→ Task to carry out
Every entry below must be repeated exactly; skip the pictures.
<<<<
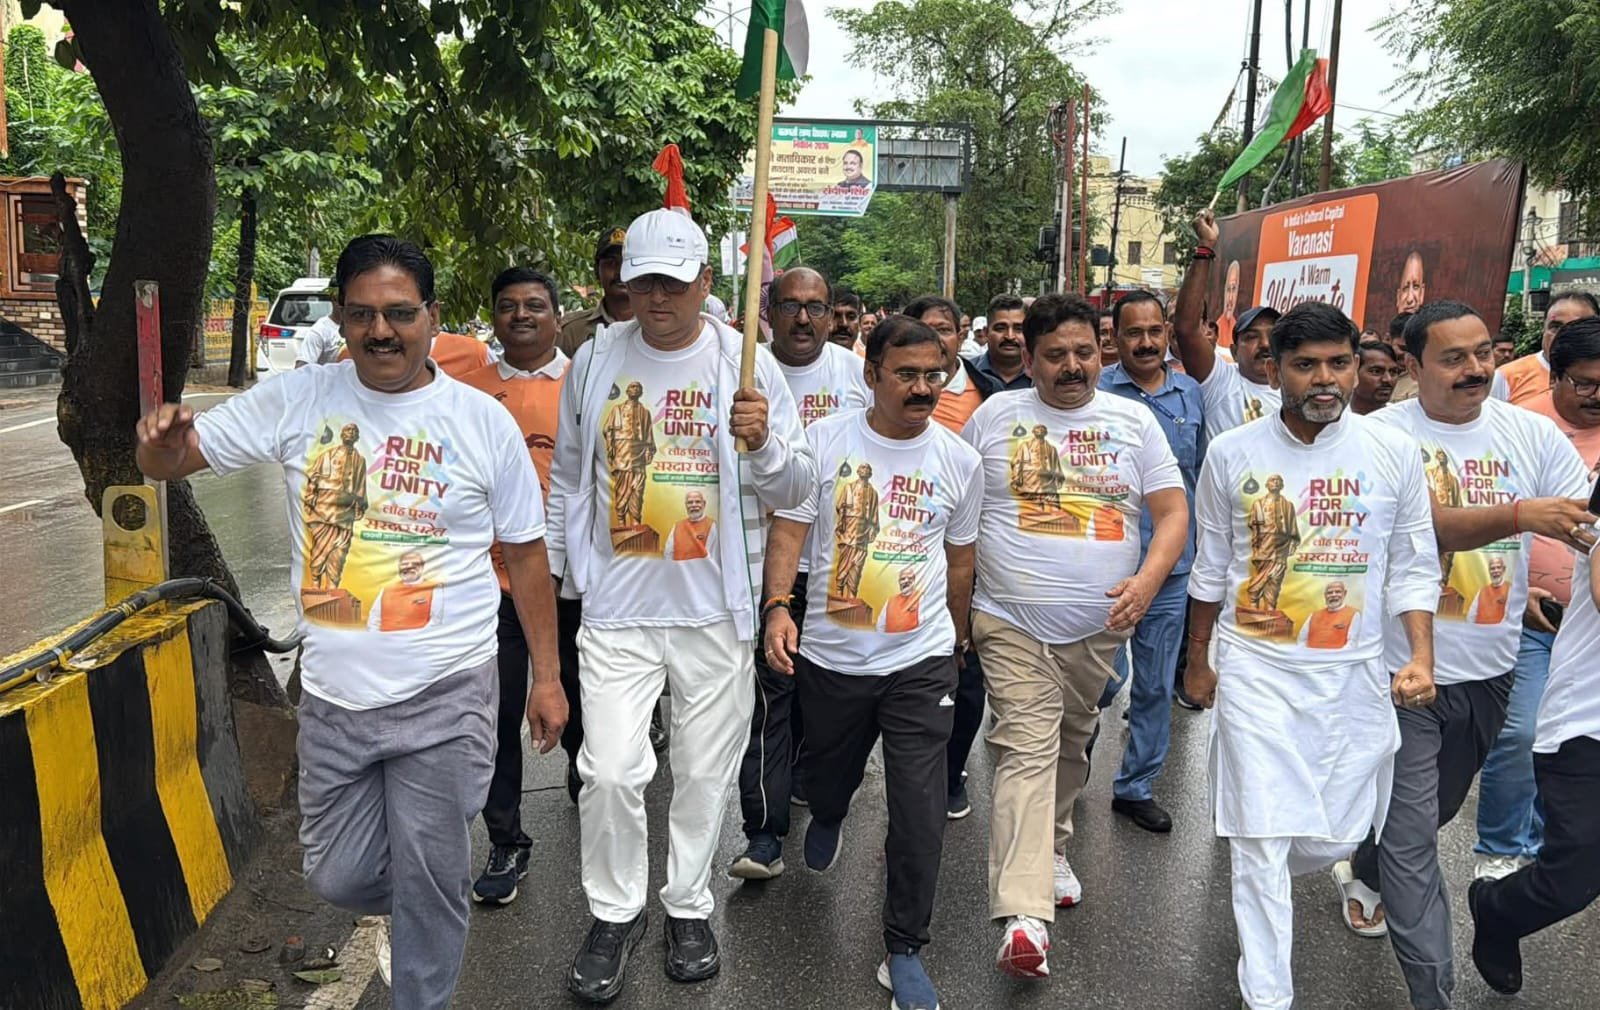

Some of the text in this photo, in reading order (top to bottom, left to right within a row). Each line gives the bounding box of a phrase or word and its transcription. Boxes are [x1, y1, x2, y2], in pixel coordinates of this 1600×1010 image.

[1303, 207, 1324, 224] Cultural
[1324, 205, 1345, 221] Capital
[1287, 224, 1335, 257] Varanasi
[1299, 264, 1331, 286] A Warm
[666, 389, 712, 409] RUN
[803, 394, 839, 409] RUN
[665, 409, 694, 421] FOR
[804, 409, 826, 419] FOR
[664, 421, 719, 438] UNITY
[1069, 430, 1111, 443] RUN
[385, 435, 444, 465] RUN
[668, 447, 687, 456] लौह
[1070, 443, 1096, 454] FOR
[383, 457, 420, 475] FOR
[653, 461, 693, 472] सरदार
[1070, 452, 1119, 467] UNITY
[1464, 459, 1509, 477] RUN
[380, 472, 450, 498] UNITY
[892, 475, 934, 498] RUN
[1310, 479, 1360, 496] RUN
[1467, 477, 1494, 489] FOR
[890, 493, 917, 506] FOR
[1310, 498, 1342, 510] FOR
[1468, 491, 1518, 505] UNITY
[382, 503, 405, 517] लौह
[888, 504, 936, 525] UNITY
[1309, 512, 1367, 528] UNITY
[1313, 538, 1359, 550] लौह पुरुष
[1296, 552, 1369, 564] सरदार पटेल
>>>>
→ Solution to this task
Some of the text in this photo, in reading order (top to bottom, left to right within a row). Each line gives the bounding box of a phrase or word and its transcription. Boxes are [x1, y1, x2, y2], in pixel coordinates of this 1600×1010 image.

[1303, 207, 1324, 224] Cultural
[1324, 205, 1345, 221] Capital
[1287, 224, 1335, 257] Varanasi
[1299, 264, 1331, 286] A Warm
[666, 389, 712, 409] RUN
[803, 394, 839, 409] RUN
[665, 409, 694, 421] FOR
[804, 409, 826, 419] FOR
[664, 421, 719, 438] UNITY
[1069, 430, 1111, 443] RUN
[385, 435, 444, 465] RUN
[668, 447, 687, 456] लौह
[1070, 443, 1096, 454] FOR
[383, 457, 420, 475] FOR
[653, 461, 693, 472] सरदार
[1070, 452, 1119, 467] UNITY
[1464, 459, 1509, 477] RUN
[380, 472, 450, 498] UNITY
[892, 475, 934, 498] RUN
[1310, 479, 1360, 496] RUN
[1467, 477, 1494, 489] FOR
[890, 493, 917, 506] FOR
[1310, 498, 1342, 510] FOR
[1468, 491, 1518, 505] UNITY
[382, 503, 405, 517] लौह
[888, 504, 936, 525] UNITY
[1309, 512, 1367, 528] UNITY
[1313, 538, 1359, 550] लौह पुरुष
[1296, 552, 1369, 564] सरदार पटेल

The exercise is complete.